Every week will bring win or losses. Those wins and losses will all have stand out players and players that underwhelm. Studs and Duds will highlight two players from each of those categories after every game. If there is a particularly bad game, there may be an extra dud and likewise for good games and the studs.

Studs

Christian Ringo, Defensive Tackle

Who? Christian Ringo was signed by the Bengals after a season-ending injury to another in season signee in Adolphus Washington.  Signed to be a rotational piece, Ringo made his presence known in just his second game for the Bengals.  The stat sheet doesn’t show it with just half a sack but he spent his afternoon in the Chargers backfield.
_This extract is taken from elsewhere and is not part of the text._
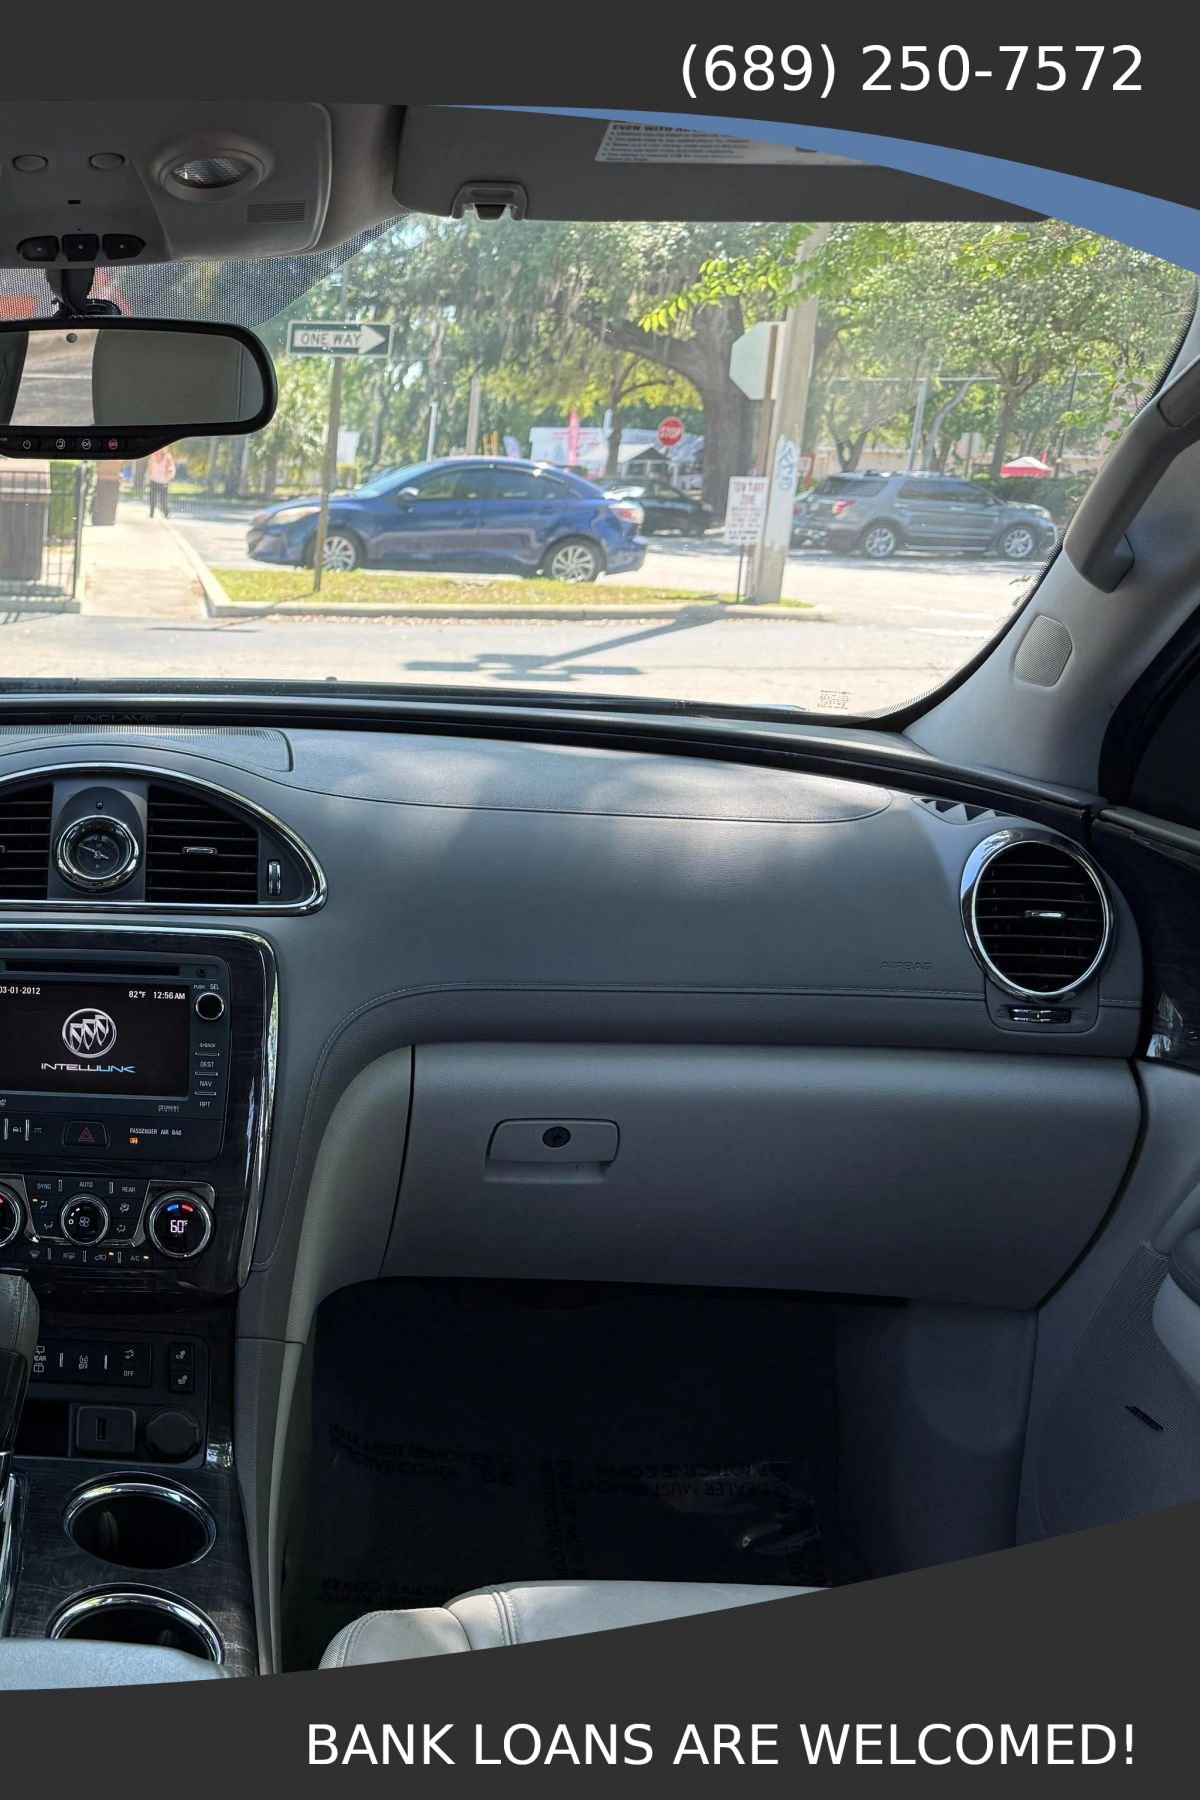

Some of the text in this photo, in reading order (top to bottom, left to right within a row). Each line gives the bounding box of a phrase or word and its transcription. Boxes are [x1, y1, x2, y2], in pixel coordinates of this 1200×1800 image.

Eating up double teams, penetrating and harassing Phillip Rivers, Ringo was constantly pushing the pocket.  He played with a high motor that has been missing from the Bengals defense all season.  Ringo is looking like a great in season pick up for Cincinnati.

Interior Offensive Line

Running back Joe Mixon deserves a lot of credit for the 111 yards and a touchdown on the ground.  However, there were plays up the middle where Mixon wasn’t touched for about two or three yards.  Those were displays of dominance at times by the trio of Trey Hopkins, Billy Price, and Alex Redmond.  They relocated the line of scrimmage throughout the game.  The group even held up relatively well in pass protection.  There were lapses but for the most part, quarterback Jeff Driskel had room to step up into the pocket.  The Bengals were able to sustain drives and grind out tough yards on the ground thanks to the efforts put forth by those three players.

Honorable Mentions:
  • Carlos Dunlap, Defensive End – Dunlap wreaked havoc on the poor Chargers tackles all game long.  He is leading a rejuvenated defense.
  • Joe Mixon, Running Back – Yes, some of the credit goes to his offensive line, but Mixon was a monster in his own right.  He used excellent vision to find the holes and create on his own at the second level.

Duds

The Linebackers

The Chargers walked up and down the field on their first two drives.  A lot of that can be attributed to the abysmal play of the Bengal linebackers.  Slow to react and extreme passiveness allowed L.A. to run the ball at will.  The defense as a whole played their best football of the season after those first two drives.  It would have been even better if the middle of the field had not been wide open for wide receivers, running backs, tight ends, basically whoever the Chargers sent to that area had free reign.  The lack of athleticism and basic football instincts were on full display.  

Jeff Driskel, Quarterback

The man has been forced into a bad situation and responded pretty well.  But there were throws that he should have made and sacks he should have avoided.  Driskel made the easy throws for the most part but made many moderately difficult throws look so much harder than they actually were.  His lack of pocket awareness killed the team.  It’s painfully obvious that a sack was the last thing he should have let happen on a potentially game-tying two-point conversion attempt.  Game experience may help all those things but Driskel is showing us all why he is a career back up.

Honorable Mentions:
  • Darqueze Dennard, Cornerback – He did have some nice plays but really struggled against one of the best wide receivers in the NFL in Keenan Allen for most of the afternoon.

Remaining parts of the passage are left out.